** Problem statement **
Transcribe every entry that follows, word for word, and omit the images.

Phrase grounding data
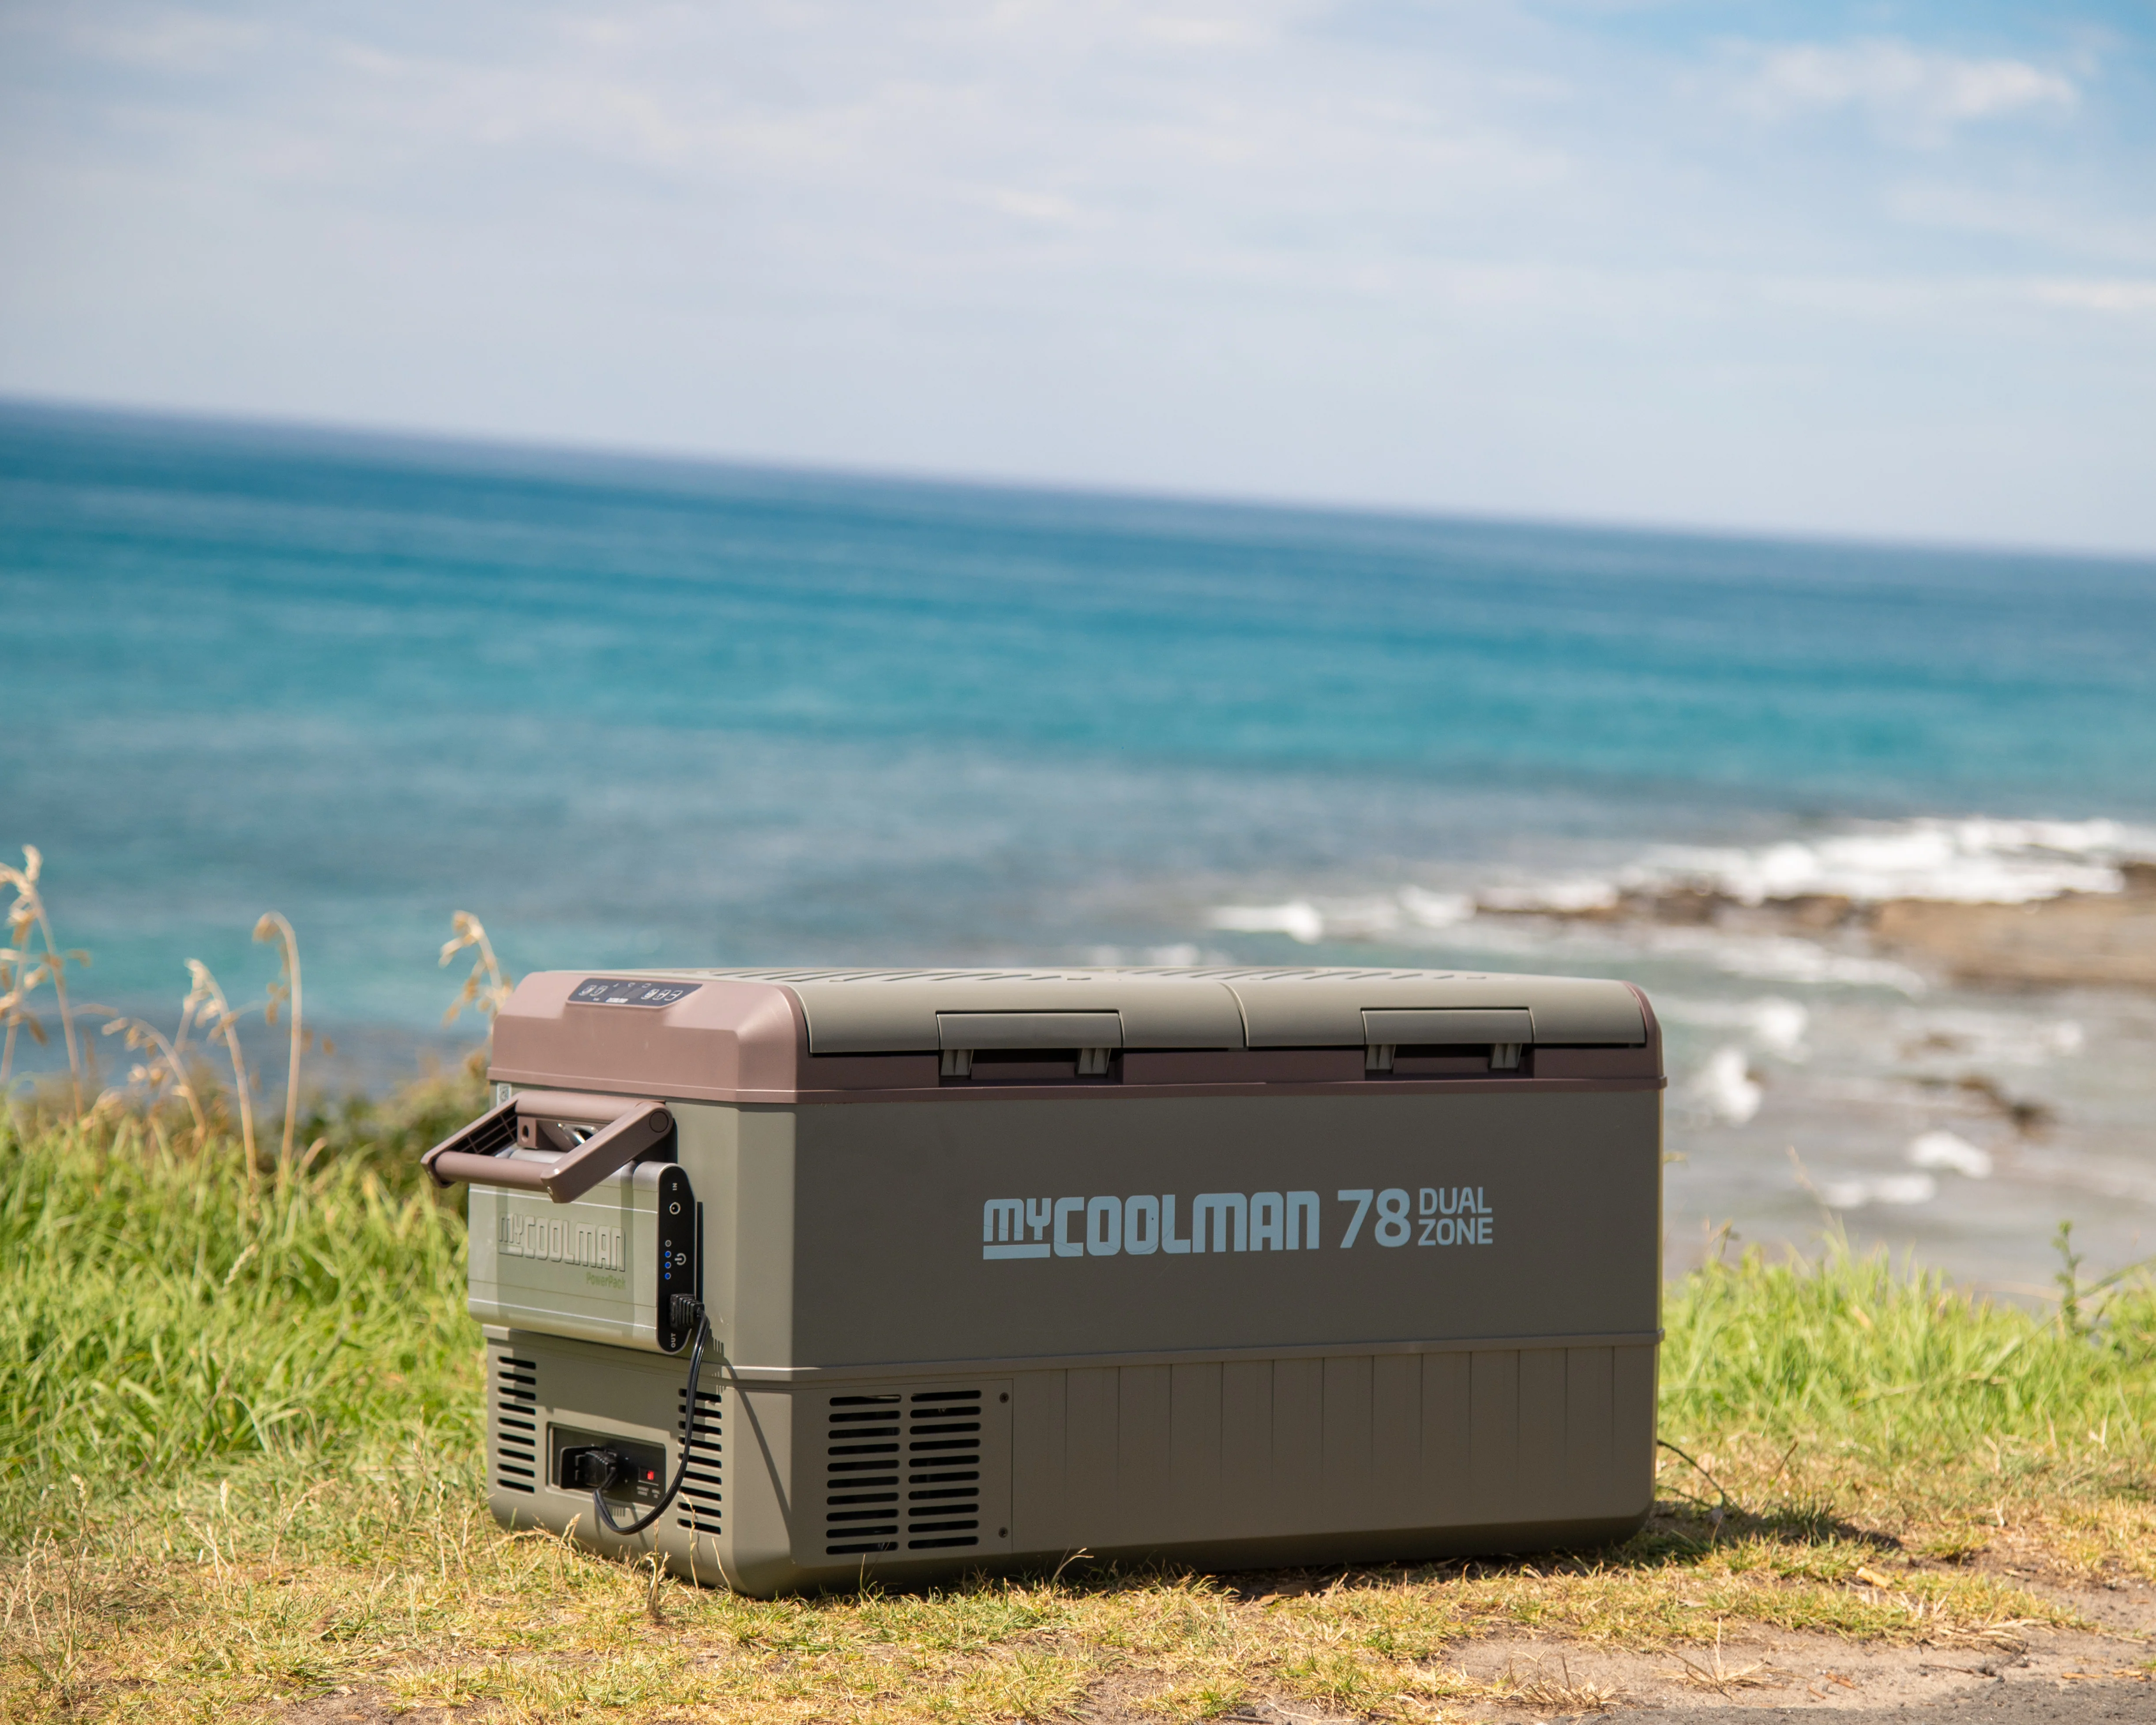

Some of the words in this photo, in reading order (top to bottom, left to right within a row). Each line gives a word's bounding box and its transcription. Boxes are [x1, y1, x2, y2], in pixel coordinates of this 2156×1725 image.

[1337, 1188, 1411, 1249] 78
[1419, 1187, 1492, 1216] DUAL
[1418, 1216, 1493, 1246] ZONE
[586, 1272, 626, 1289] PowerPack
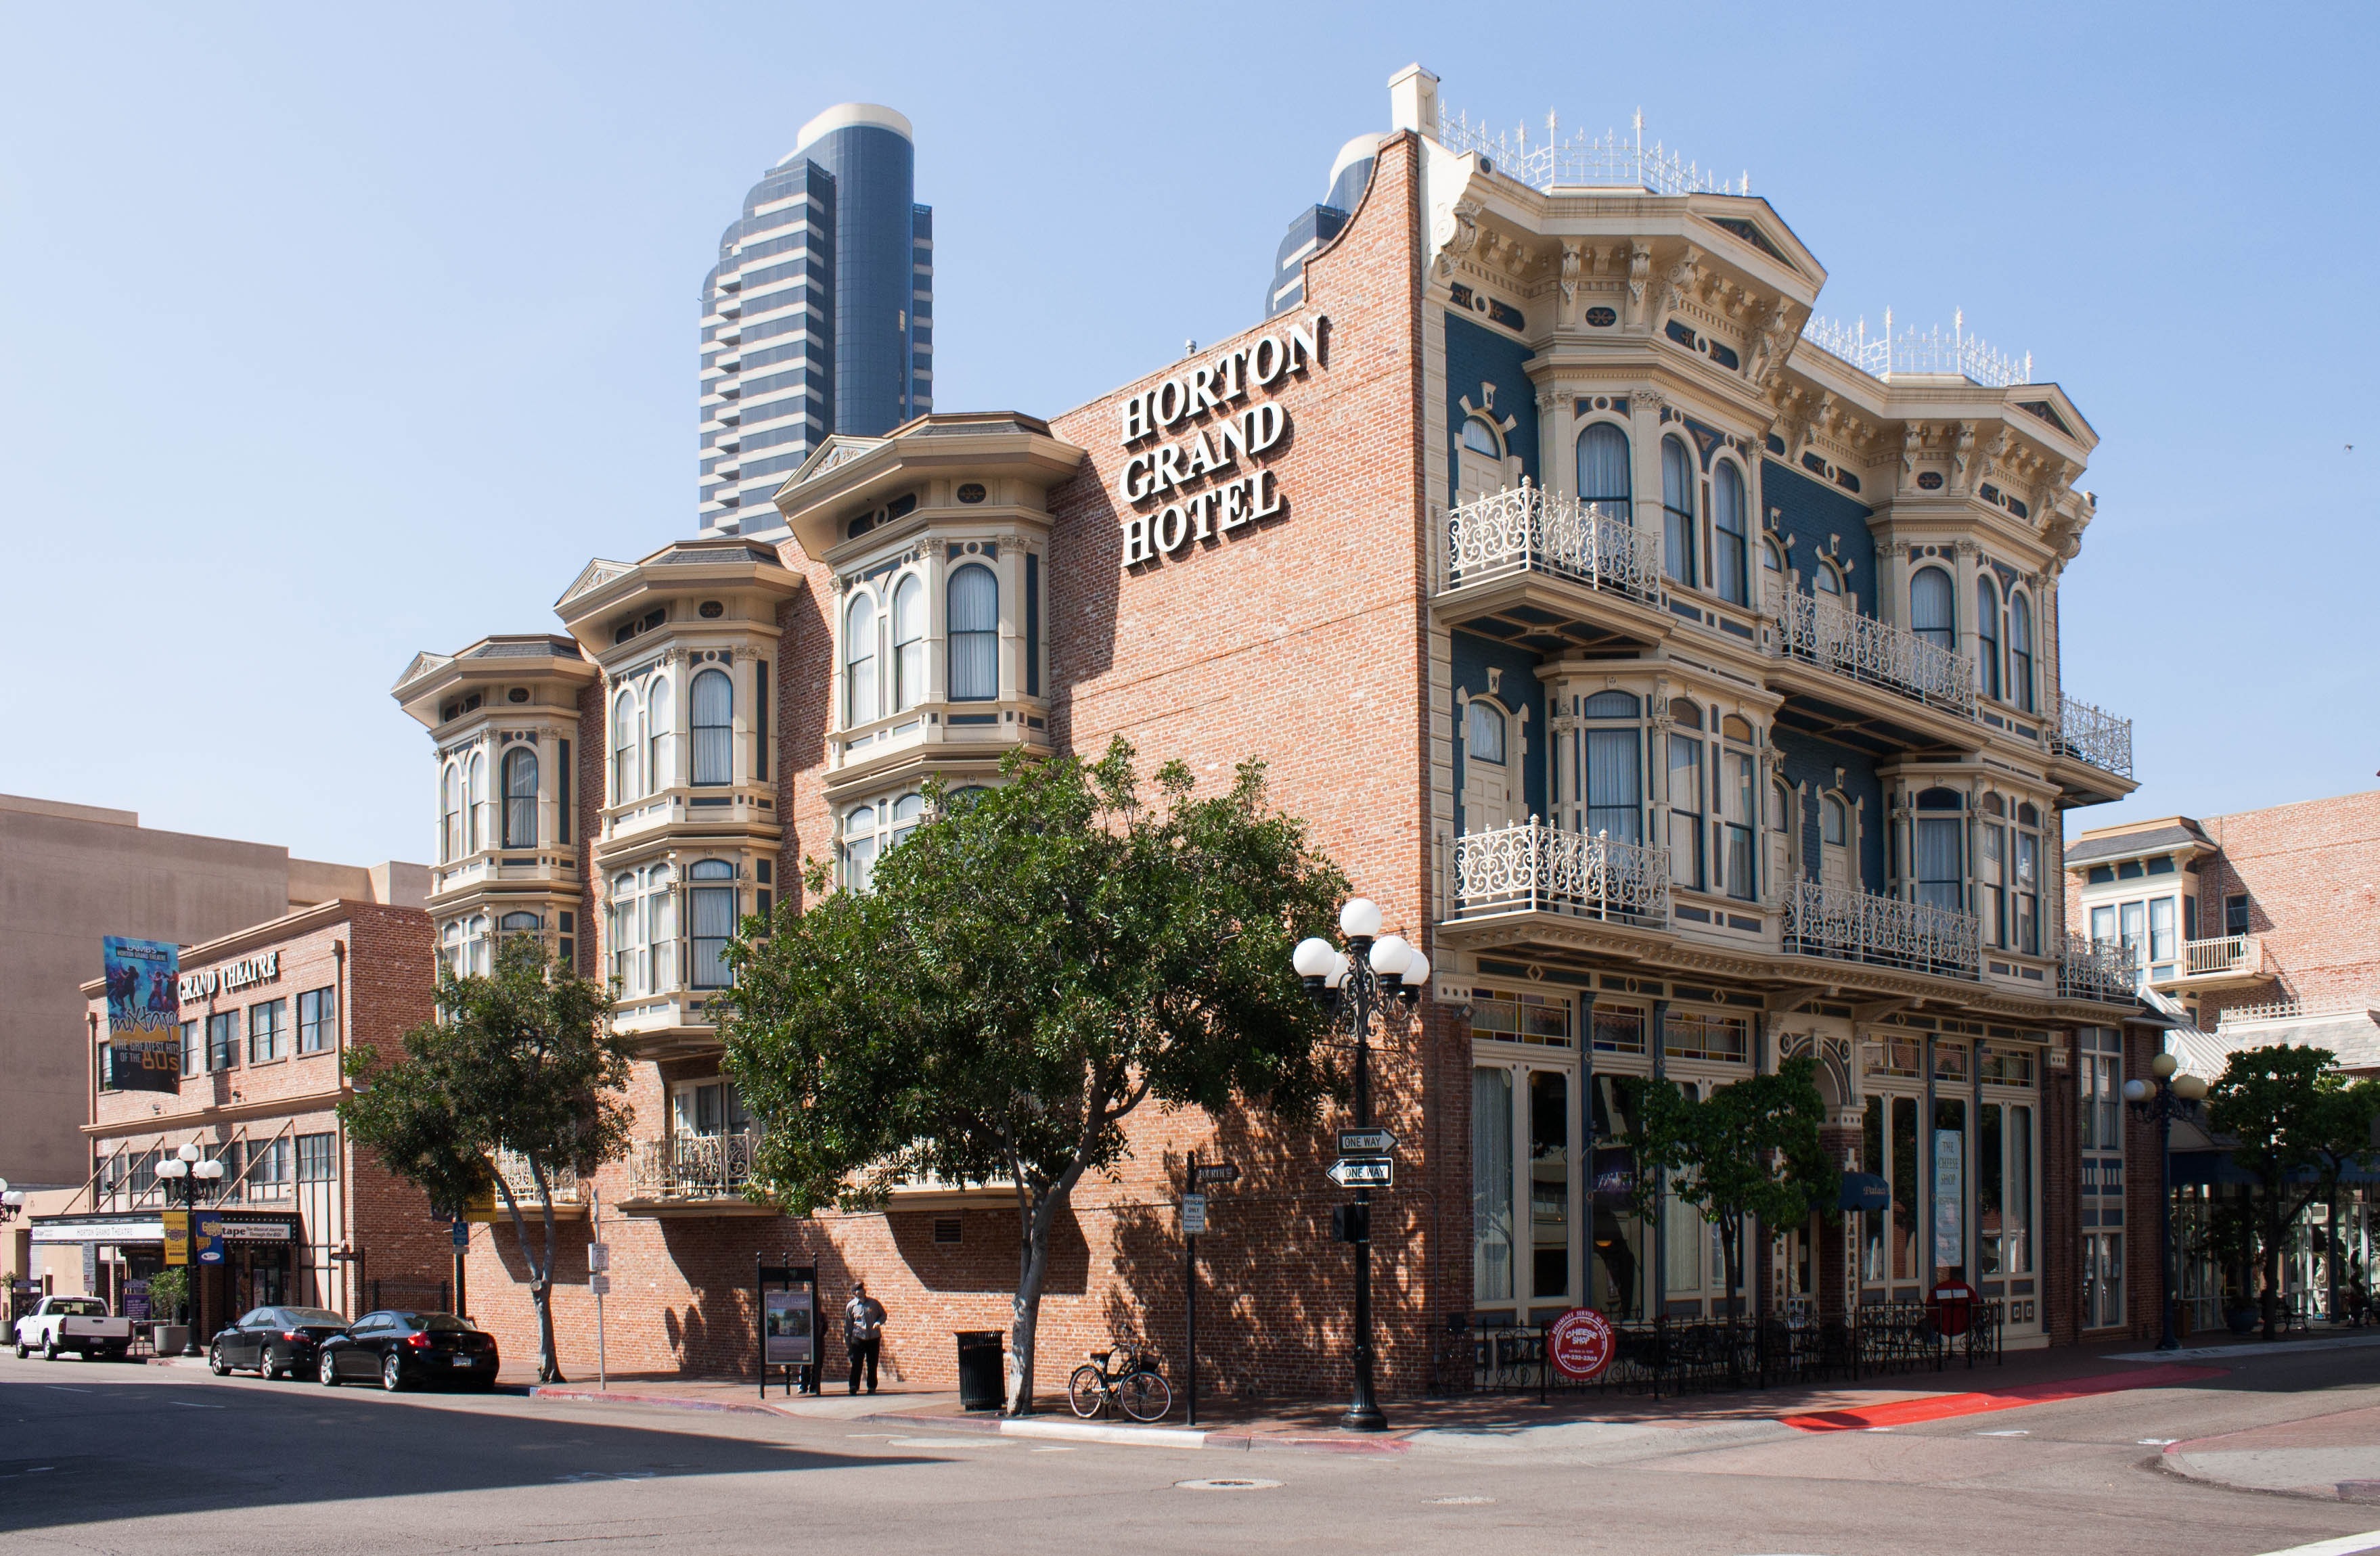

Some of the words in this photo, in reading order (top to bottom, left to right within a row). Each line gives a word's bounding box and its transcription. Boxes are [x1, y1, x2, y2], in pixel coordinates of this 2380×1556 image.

[1121, 314, 1324, 447] HORTON
[1119, 401, 1284, 503] GRAND
[1120, 470, 1280, 568] HOTEL
[178, 971, 216, 1001] GRAND
[221, 951, 276, 988] THEATRE
[114, 1038, 129, 1051] THE
[130, 1039, 164, 1053] GREATEST
[165, 1043, 179, 1055] HITS
[120, 1052, 128, 1062] OF
[129, 1053, 141, 1063] THE
[141, 1050, 179, 1071] 80s
[1345, 1137, 1362, 1147] ONE
[1364, 1136, 1380, 1147] WAY
[1942, 1141, 1954, 1153] THE
[1937, 1158, 1959, 1170] CHEESE
[1198, 1168, 1224, 1179] FOURTH
[1345, 1168, 1363, 1178] ONE
[1366, 1166, 1385, 1177] WAY
[1940, 1174, 1956, 1185] SHOP
[112, 1227, 133, 1236] THEATRE
[222, 1227, 246, 1237] tape
[1596, 1316, 1604, 1325] ALL
[1565, 1328, 1598, 1340] CHEESE
[1572, 1336, 1590, 1345] SHOP
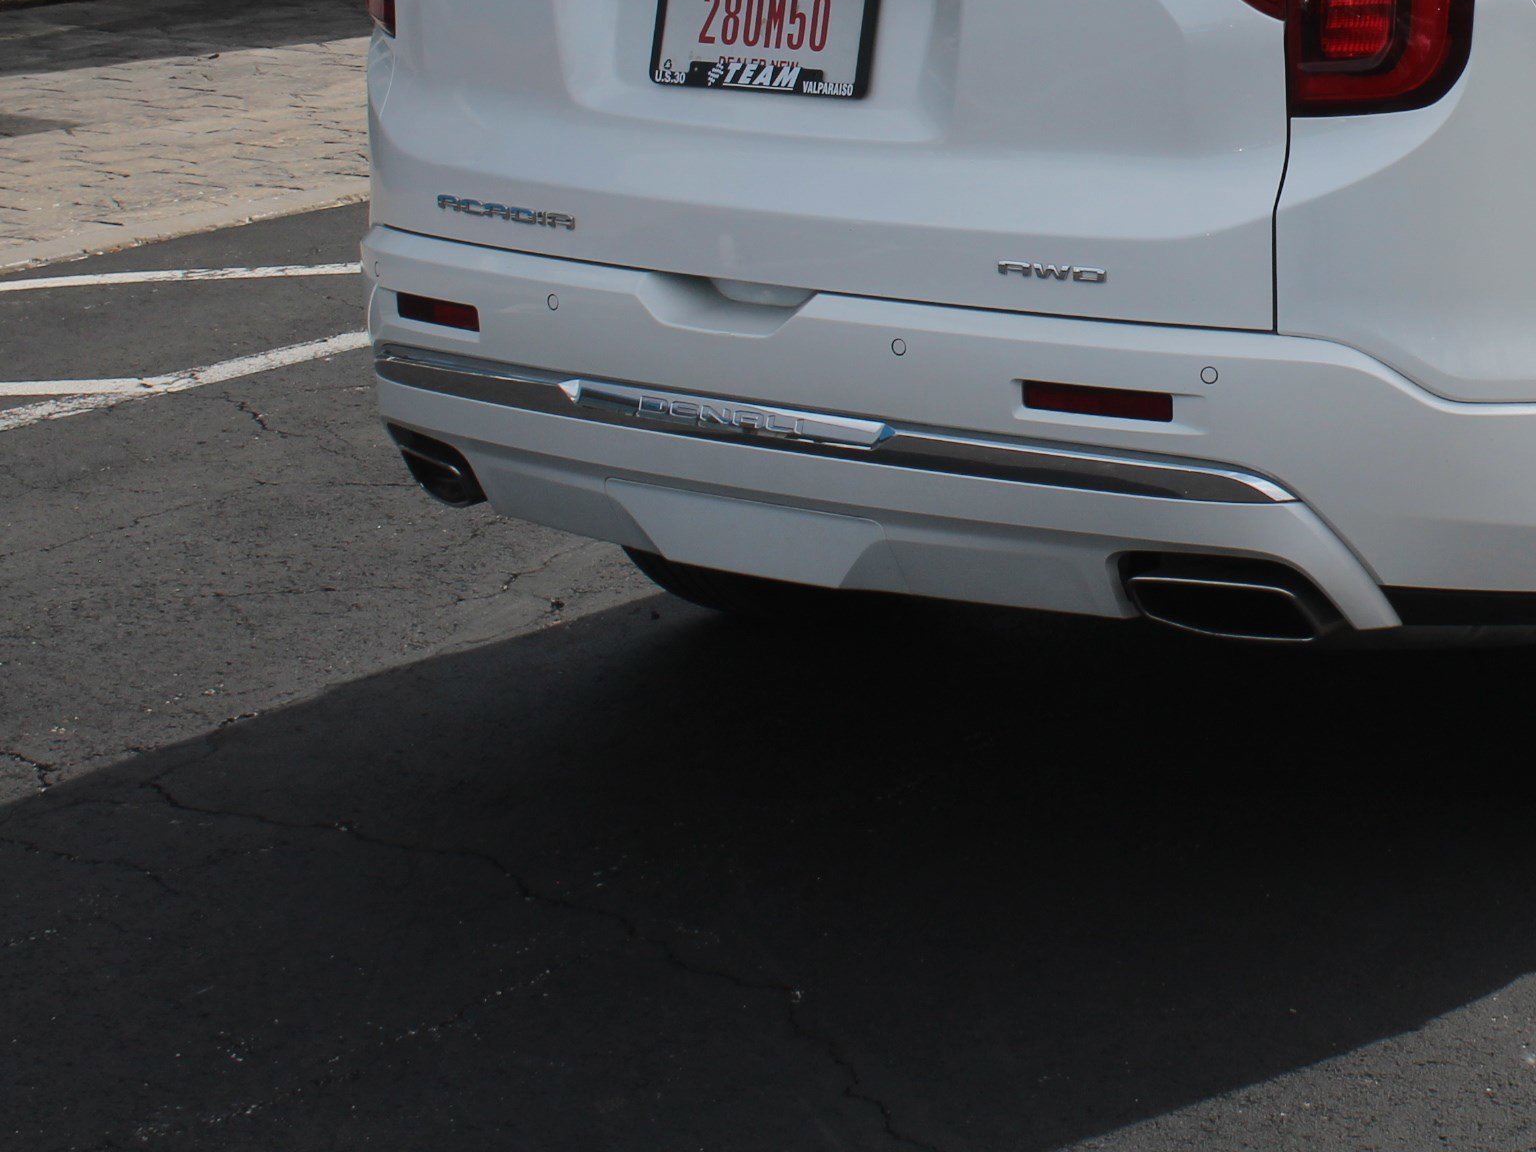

** The answer **
Some of the words in this photo, in reading order (top to bottom, left to right within a row). Each line gives a word's bounding box and its transcription. Boxes are [x1, y1, x2, y2], in pixel coordinates of this 2156×1725 image.

[1337, 1188, 1411, 1249] 78
[1419, 1187, 1492, 1216] DUAL
[1418, 1216, 1493, 1246] ZONE
[586, 1272, 626, 1289] PowerPack

Some of the words in this photo, in reading order (top to bottom, left to right within a row). Each line gives a word's bounding box and its transcription. Boxes are [x1, y1, x2, y2], in pixel coordinates of this 2380×1556 image.

[1121, 314, 1324, 447] HORTON
[1119, 401, 1284, 503] GRAND
[1120, 470, 1280, 568] HOTEL
[178, 971, 216, 1001] GRAND
[221, 951, 276, 988] THEATRE
[114, 1038, 129, 1051] THE
[130, 1039, 164, 1053] GREATEST
[165, 1043, 179, 1055] HITS
[120, 1052, 128, 1062] OF
[129, 1053, 141, 1063] THE
[141, 1050, 179, 1071] 80s
[1345, 1137, 1362, 1147] ONE
[1364, 1136, 1380, 1147] WAY
[1942, 1141, 1954, 1153] THE
[1937, 1158, 1959, 1170] CHEESE
[1198, 1168, 1224, 1179] FOURTH
[1345, 1168, 1363, 1178] ONE
[1366, 1166, 1385, 1177] WAY
[1940, 1174, 1956, 1185] SHOP
[112, 1227, 133, 1236] THEATRE
[222, 1227, 246, 1237] tape
[1596, 1316, 1604, 1325] ALL
[1565, 1328, 1598, 1340] CHEESE
[1572, 1336, 1590, 1345] SHOP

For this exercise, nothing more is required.